---- MATERIALS PROVIDED

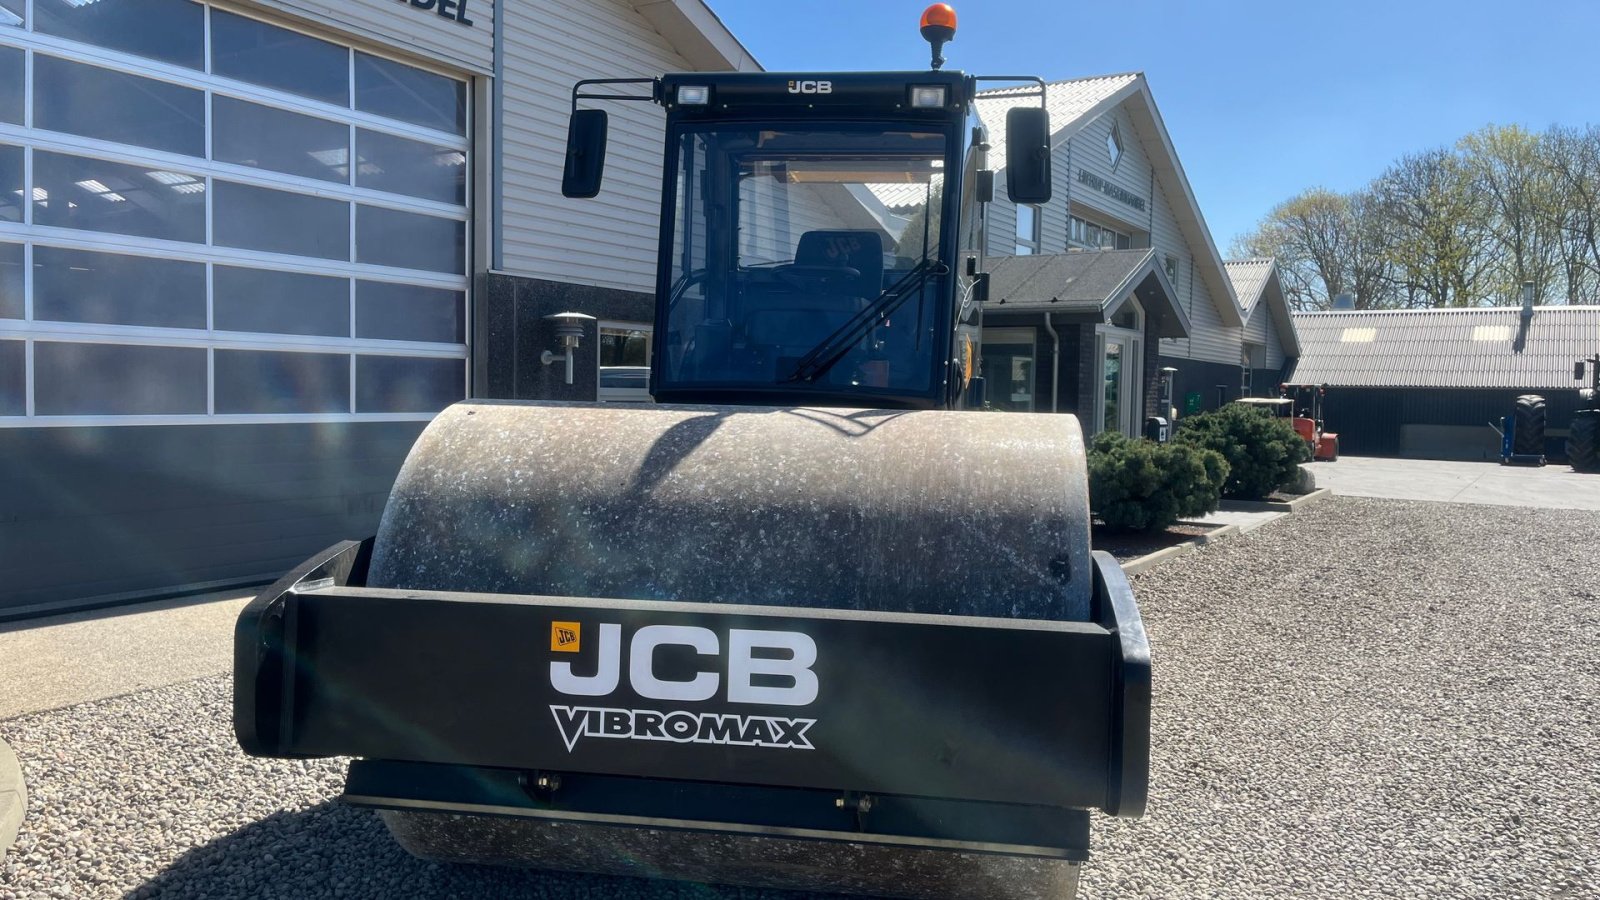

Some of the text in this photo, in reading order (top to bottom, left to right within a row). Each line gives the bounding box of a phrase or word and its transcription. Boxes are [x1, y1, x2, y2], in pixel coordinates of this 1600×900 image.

[788, 80, 832, 93] JCB
[825, 238, 861, 258] JCB
[559, 629, 576, 643] JCB
[550, 623, 819, 706] JCB
[549, 705, 818, 753] VIBROMAX

--------

▶ DIRECTIONS:
Strip out the images, then output the records above word for word.

▶ ANSWER BOX:
Some of the text in this photo, in reading order (top to bottom, left to right within a row). Each line gives the bounding box of a phrase or word and its transcription. Boxes are [x1, y1, x2, y2], in pixel coordinates of this 1600×900 image.

[788, 80, 832, 93] JCB
[825, 238, 861, 258] JCB
[559, 629, 576, 643] JCB
[550, 623, 819, 706] JCB
[549, 705, 818, 753] VIBROMAX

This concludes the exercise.